Generating TypeScript types for WebAssembly(Wasm) modules in Rust is not straightforward.

I ran into the problem when I was working on a vector similarity search engine in Wasm called Voy. I built the Wasm engine in Rust to provide JavaScript and TypeScript engineers with a swiss knife for semantic search. Here's a demo for web:

You can find the Voy's repository on GitHub! Feel free to try it out.

The repository includes examples that you can see how to use Voy in different frameworks.

I used wasm-pack and wasm-bindgen to build and compile the Rust code to Wasm.

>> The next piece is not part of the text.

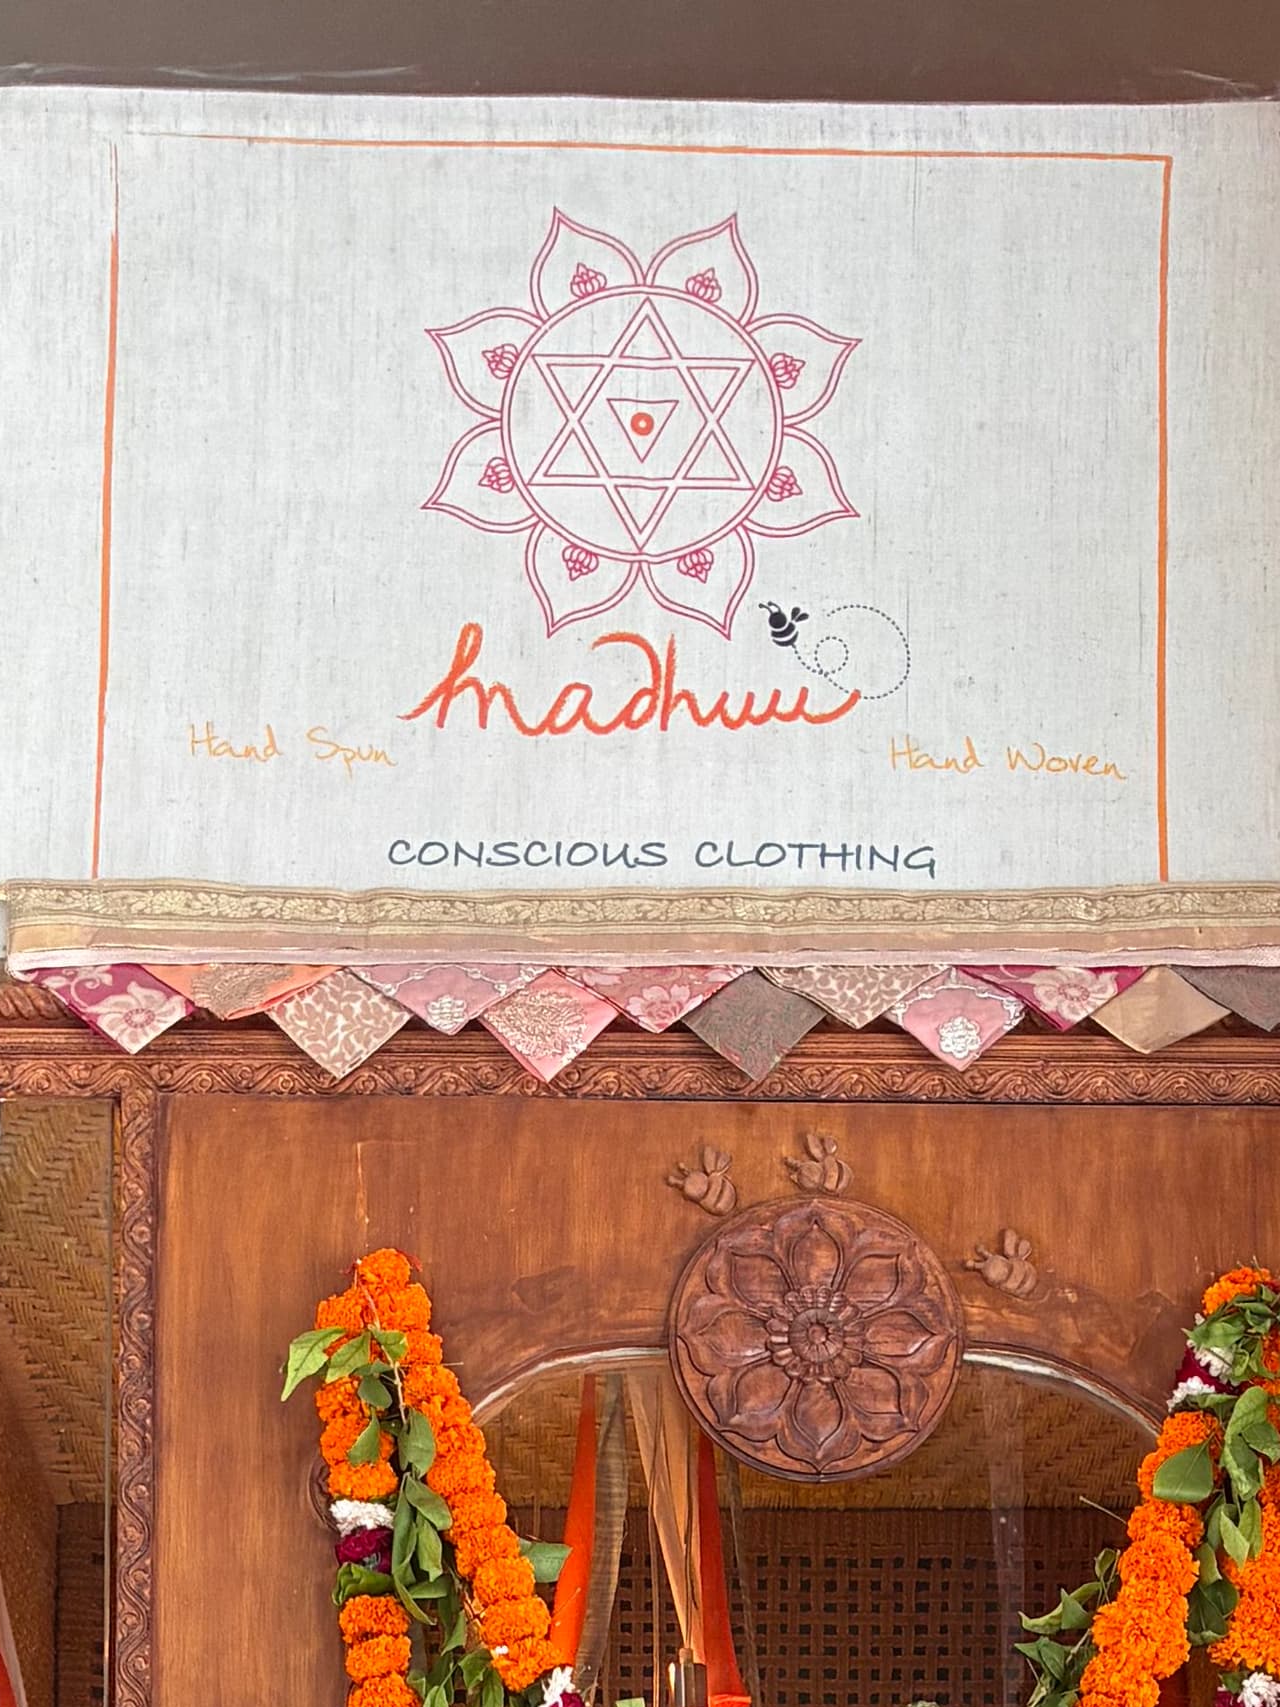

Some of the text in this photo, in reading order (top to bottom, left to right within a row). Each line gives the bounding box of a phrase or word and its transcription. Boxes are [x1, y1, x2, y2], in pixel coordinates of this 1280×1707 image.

The generated TypeScript definitions looks like this:

/* tslint:disable */
/* eslint-disable */
/**
 * @param {any} input
 * @returns {string}
 */
export function index(resource: any): string
/**
 * @param {string} index
 * @param {any} query
 * @param {number} k
 * @returns {any}
 */
export function search(index: string, query: any, k: number): any

As you can see, there're a lot of "any" type, which is not very helpful for the developer experience. Let's look into the Rust code to find out what happened.

type NumberOfResult = usize;
type Embeddings = Vec<f32>;
type SerializedIndex = String;

#[derive(Serialize, Deserialize, Debug)]
pub struct EmbeddedResource {
    id: String,
    title: String,
    url: String,
    embeddings: Embeddings,
}

#[derive(Serialize, Deserialize, Debug)]
pub struct Resource {
    pub embeddings: Vec<EmbeddedResource>,
}

#[wasm_bindgen]
pub fn index(resource: JsValue) -> SerializedIndex { /* snip */ }

#[wasm_bindgen]
pub fn search(index: &str, query: JsValue, k: NumberOfResult) -> JsValue {
    // snip
}

The string, slice, and unsigned integer generated the correct types in TypeScript, but the "wasm_bindgen::JsValue" didn't. JsValue is wasm-bindgen's representation of a JavaScript object. We serialize and deserialize the JsValue to pass it back and forth between JavaScript and Rust through Wasm.

#[wasm_bindgen]
pub fn index(resource: JsValue) -> String {
    // 💡 Deserialize JsValue in to Resource struct in Rust
    let resource: Resource = serde_wasm_bindgen:from_value(input).unwrap();
    // snip
}

#[wasm_bindgen]
pub fn search(index: &str, query: JsValue, k: usize) -> JsValue {
    // snip
    // 💡 Serialize search result into JsValue and pass it to WebAssembly
    let result = engine::search(&index, &query, k).unwrap();
    serde_wasm_bindgen:to_value(&result).unwrap()
}

It's the official approach to convert data types, but evidently we need to go the extra mile to support TypeScript.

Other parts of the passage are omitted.